Here is some discussion of s38 of the EU (Withdrawal Agreement) Act 2020 (slight slip by the chair, Bill Cash, in citing the Act).
This is s38
As Frost says, it is a “codification”: put more bluntly, it doesn’t say anything at all that isn’t orthodox English constitutional law.
It was always accepted during our EU membership that Parliament could legislate in breach of EU law and that if Parliament made it clear that that was what it intended to do, the UK courts would follow Parliament, not EU law.
The same applies to the incorporation of, and supremacy of, the Withdrawal Agreement and Protocol in our domestic law effected by s7A of the EU (Withdrawal) Act 2018 (inserted by the 2020 Act).

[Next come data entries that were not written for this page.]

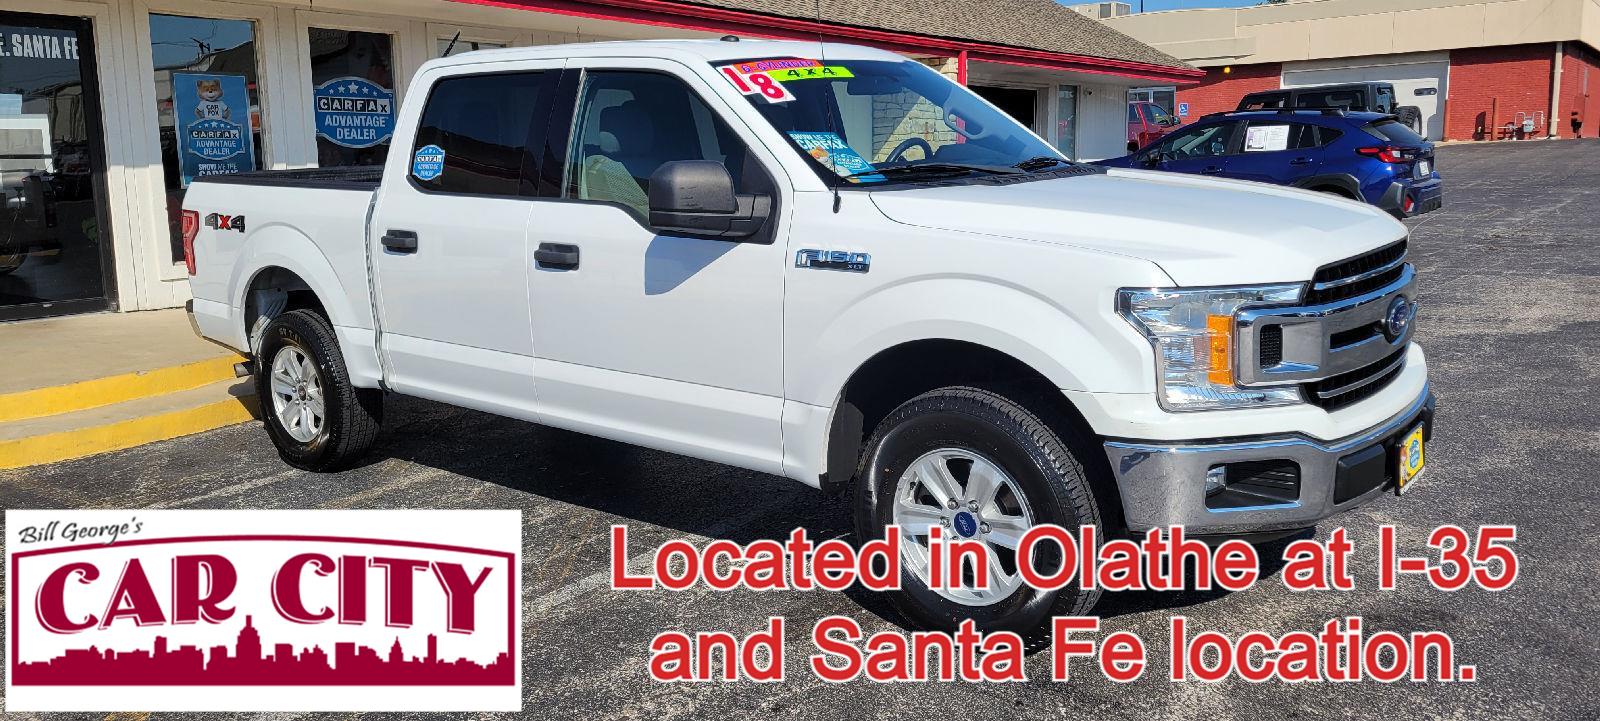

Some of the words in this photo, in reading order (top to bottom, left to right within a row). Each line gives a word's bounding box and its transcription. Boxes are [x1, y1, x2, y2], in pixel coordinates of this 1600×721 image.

[11, 33, 62, 59] SANTA
[63, 36, 80, 60] FE
[317, 98, 390, 114] CARFAX
[325, 114, 386, 127] ADVANTAGE
[192, 130, 240, 139] CARFAX
[336, 128, 377, 140] DEALER
[196, 140, 237, 148] ADVANTAGE
[203, 147, 230, 156] DEALER
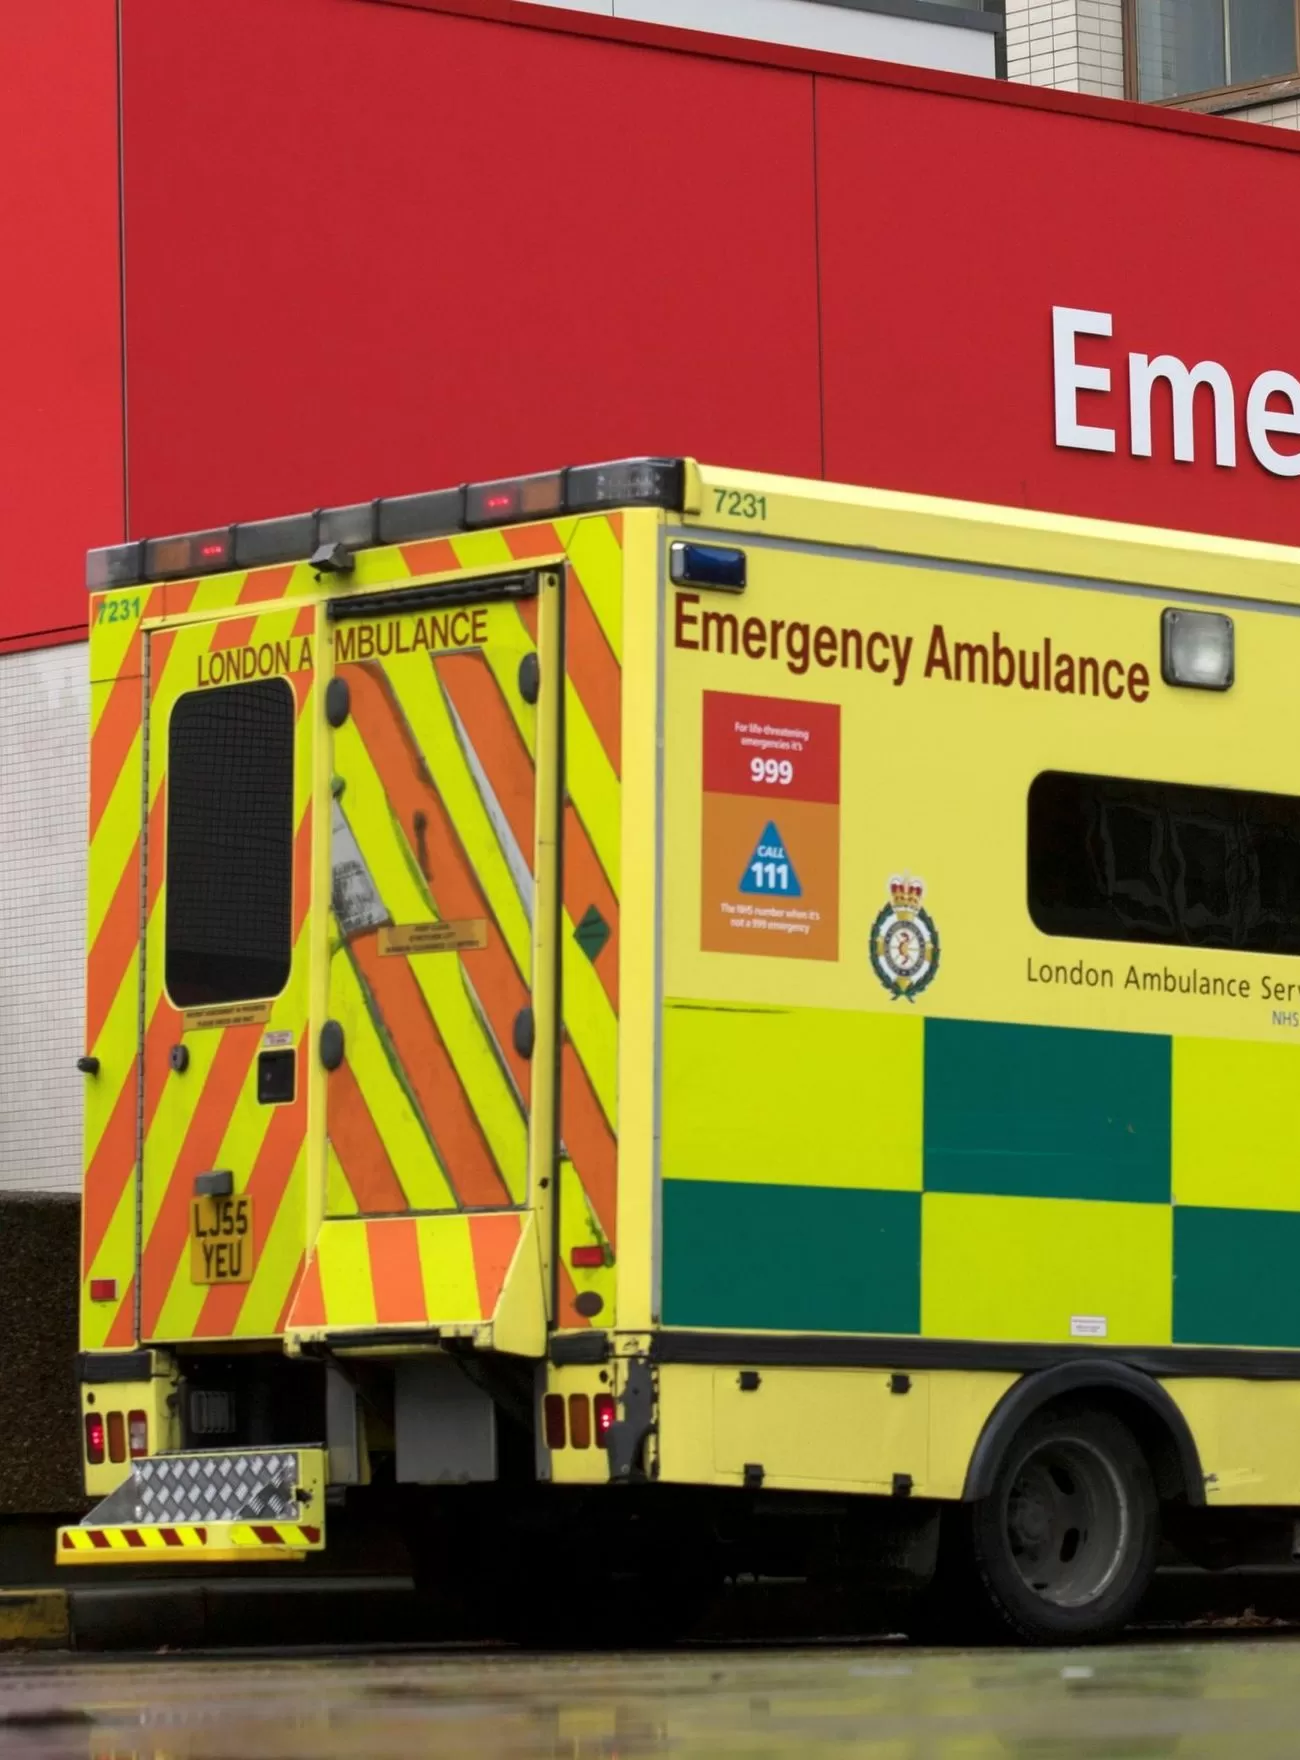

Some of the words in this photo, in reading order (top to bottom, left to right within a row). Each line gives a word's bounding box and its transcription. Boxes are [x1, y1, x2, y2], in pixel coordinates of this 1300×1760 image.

[713, 489, 768, 520] 7231
[96, 596, 141, 625] 7231
[198, 639, 291, 687] LONDON
[674, 592, 913, 686] Emergency
[924, 624, 1150, 704] Ambulance
[750, 756, 794, 786] 999
[756, 845, 785, 859] CALL
[751, 861, 789, 890] 111
[1027, 957, 1114, 988] London
[1124, 964, 1250, 999] Ambulance
[1271, 1010, 1300, 1028] NHS
[194, 1200, 248, 1238] LJ55
[202, 1240, 243, 1278] YEU

No one disputes that Parliament could, by using clear wording, pass legislation inconsistent with the WA/Protocol which would have effect in U.K. law, even though that would be a breach of the WA.
(Though the House of Lords voted down, with a huge majority, such legislation when presented to it last year and the betting must be that it would do so again.)
Section 38 doesn’t alter that analysis at all. So it’s hard to see how it can be said to be “very important”, or “incredibly useful” (though since it was put in as a comfort blanket for the ERG, Frost perhaps felt he needed to genuflect to it).
Worth looking at the wording here.
Not having the ECJ “by another route” appears to rule out the “not Swiss” option.
But NB “final arbiter” and “direct settlement”: in the not Swiss model, the arbitration panel is the “direct settlement” forum: but it sends the ECJ all questions of EU law, and accepts the answers. And the “final decision” is (technically) made by the panel. Clever, eh?
Just to note that while EU law applies at all in NI, it will be impossible to avoid the ECJ having the final say in determining what it means: the EU cannot agree anything else.*
(*Irrelevant exception: the EFTA Court.)
The last sentence is an important acknowledgment of how Article 16 works.
On retained EU law. In answer to Frost’s last question, let me introduce the concept of an Act of Parliament, which will do the job. What else is needed?
(Justinian was an autocrat.)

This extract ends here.